Hiergegen richtet sich die am 16.3.2017 eingelegte und mittels des am 28.3.2017 bei dem Oberlandesgericht eingegangenen Schriftsatzes begründete Berufung der Klägerin, mit der sie ihre Klage uneingeschränkt weiterverfolgt.

Die Klägerin rügt unter Wiederholung und Vertiefung ihres erstinstanzlichen Vortrages eine fehlerhafte Rechtsanwendung, in deren Folge das Landgericht eine Zurechnung des arglistigen Handelns der VW AG verneint habe. Sie verweist darauf, dass mit dem Vertragshändlervertrag ein Sonderfall der Hersteller-​Verkäufer-​Beziehung vorliege, der generell zur Anwendung von § 278 BGB führe. Erst recht gelte dies in der Automobilbranche, in der Hersteller und Vertragshändler besonders eng miteinander verbunden seien. So sei der Vertragshändler in die Verkaufsorganisation des Herstellers eingegliedert und erhalte unter anderem Vorgaben zum Vertrieb, zu den zu vertreibenden Produkten und zum Vertriebsgebiet. Ferner bestünden weitreichende Kontroll- und auch Weisungsrechte des Herstellers. Bei der Frage der Zurechnung dürfe zudem nicht nur auf die betreffenden gesetzlichen Regelungen (§§ 278, 31, 166 BGB) abgestellt werden, sondern seien die Gesamtumstände zu beachten. Ein Anfechtungsgegner müsse sich nicht nur Täuschungen eines Erfüllungsgehilfen zurechnen lassen, sondern auch solche von Personen, zu denen enge Beziehungen bestünden, oder deren Handeln ihm aus sonstigen besonderen Umständen billigerweise zuzurechnen sei. Insoweit sei hier zu beachten, dass die Beklagte und die VW AG mit dem Verkauf der Fahrzeuge gemeinsame wirtschaftliche Interessen verfolgten; die Beklagte eng in die Vertriebsorganisation der VW AG eingebunden sei, das VW-​Logo verwende, Fahrzeuge der Marke VW bewerbe. Die Beklagte erwecke damit nach außen bewusst den Eindruck eines Näheverhältnisses. Es solle gerade der Eindruck erweckt werden, die Beklagte sei VW bzw. die Niederlassung von VW in ...[Z].

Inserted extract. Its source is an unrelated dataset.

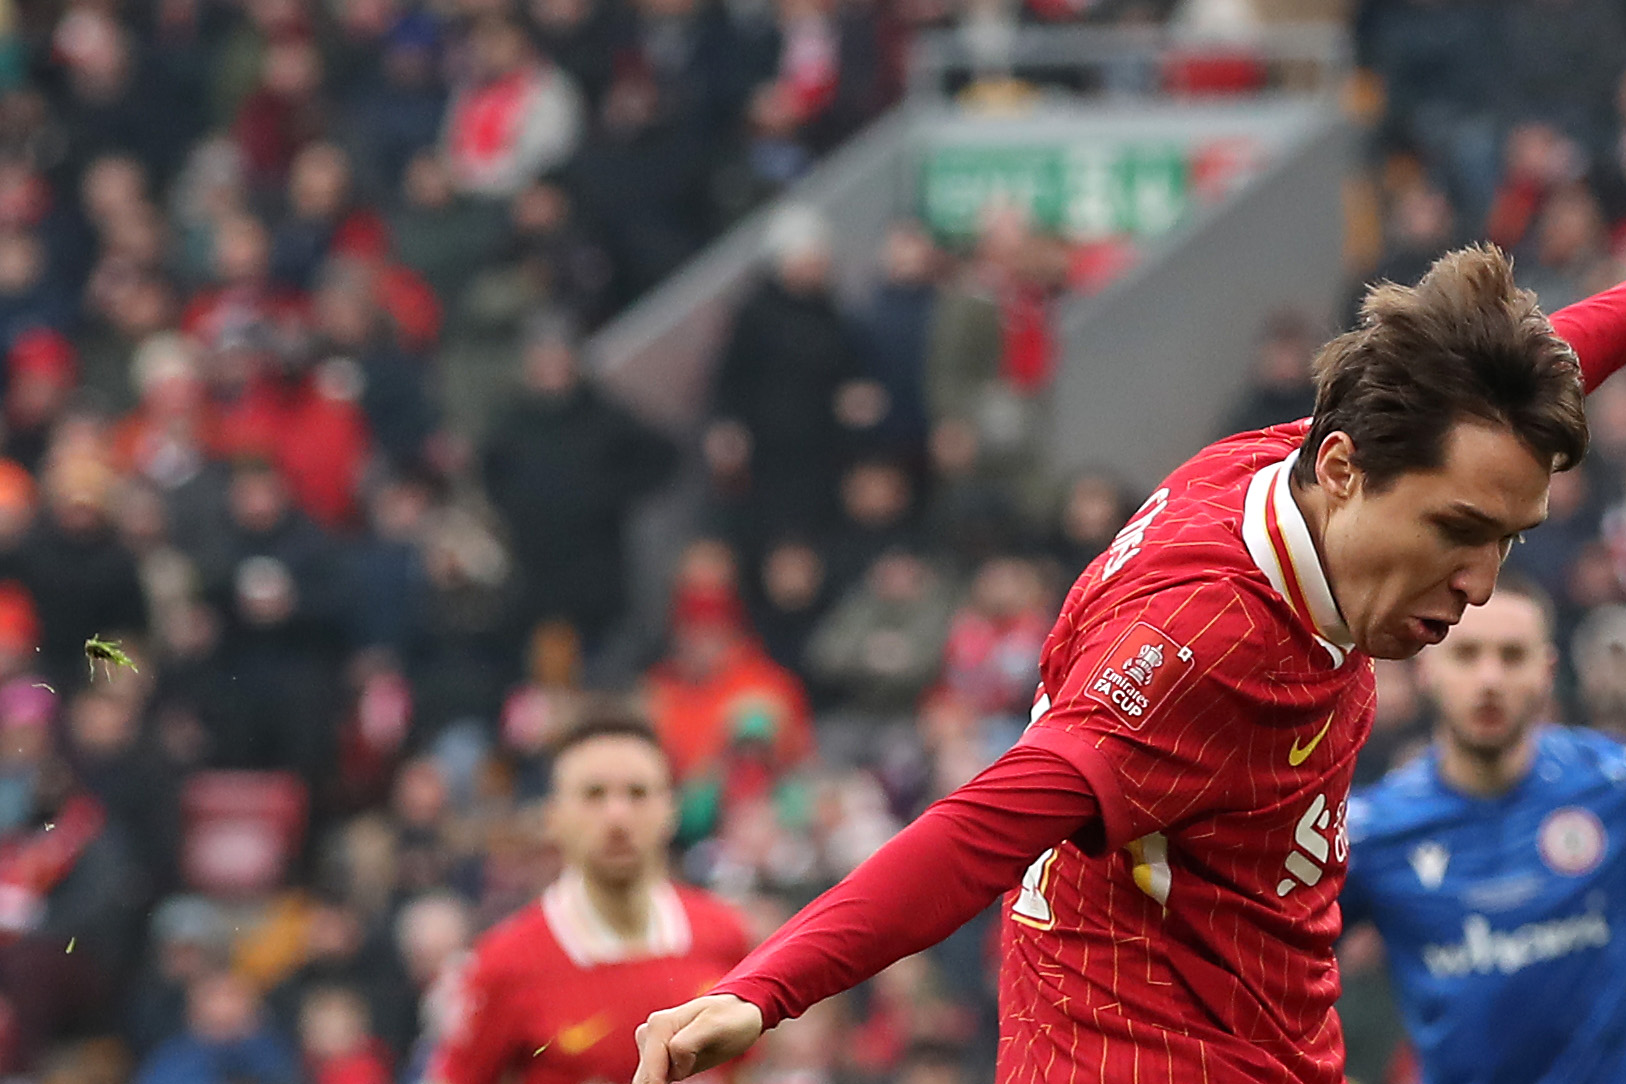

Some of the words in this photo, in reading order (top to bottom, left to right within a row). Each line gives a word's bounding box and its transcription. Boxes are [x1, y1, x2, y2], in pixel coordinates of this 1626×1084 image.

Hierüber hinaus trägt die Klägerin erstmals in der Berufungsinstanz zu einer Mangelhaftigkeit des Fahrzeugs vor und behauptet negative Folgen des von der VW AG angebotenen Software-​Updates.

Die Klägerin beantragt,

   das Urteil des Landgerichts Koblenz vom 15.2.2017, Az.: 12 O 111/16, aufzuheben und die Beklagte gemäß ihrer bereits in erster Instanz gestellten Klageanträge zu verurteilen.


Die Beklagte beantragt,

   die Berufung zurückzuweisen.



Sie verteidigt das angegriffene Urteil. Unstreitig habe die Beklagte die Klägerin nicht getäuscht und von einer etwaigen Täuschung der VW AG keine Kenntnis gehabt. Es sei auch nicht zu einer für die Kaufentscheidung der Klägerin relevanten Täuschung durch die VW AG gekommen. Eine solche habe die Klägerin auch nicht substantiiert vorgetragen. Eine Täuschung komme nur hinsichtlich wertbildender Merkmale, und damit hier allenfalls hinsichtlich der EG-​Typengenehmigung für eine bestimmte Emissionsklasse in Betracht. Das Fahrzeug besitze jedoch nach wie vor eine wirksame Euro-​5-Zertifizierung. Im Übrigen wäre eine Täuschung der Beklagten nicht zurechenbar, da die VW AG als Herstellerin Dritte im Sinne von § 123 Abs. 2 BGB sei. Die Beklagte sei als Vertragshändlerin selbständige Gewerbetreibende und schließe sämtliche Verträge ohne Mitwirkung der VW AG im eigenen Namen und für eigene Rechnung ab, wobei sie auch die Risiken selbst trage. Ein Weisungsrecht der VW AG bestehe nicht. Preis- und Gebietsvorgaben seien kartellrechtlich unzulässig. Der Vortrag der Klägerin zur Einbeziehung der Beklagten in das Vertriebssystem der VW AG erschöpfe sich in Behauptungen ins Blaue hinein, und die Klägerin sei mit diesem erstmals in zweiter Instanz gehaltenen Vortrag präkludiert. Der tatsächliche Vortrag der Klägerin, wonach eine Zurechnung nach Billigkeitserwägungen zu erfolgen habe, sei nicht richtig.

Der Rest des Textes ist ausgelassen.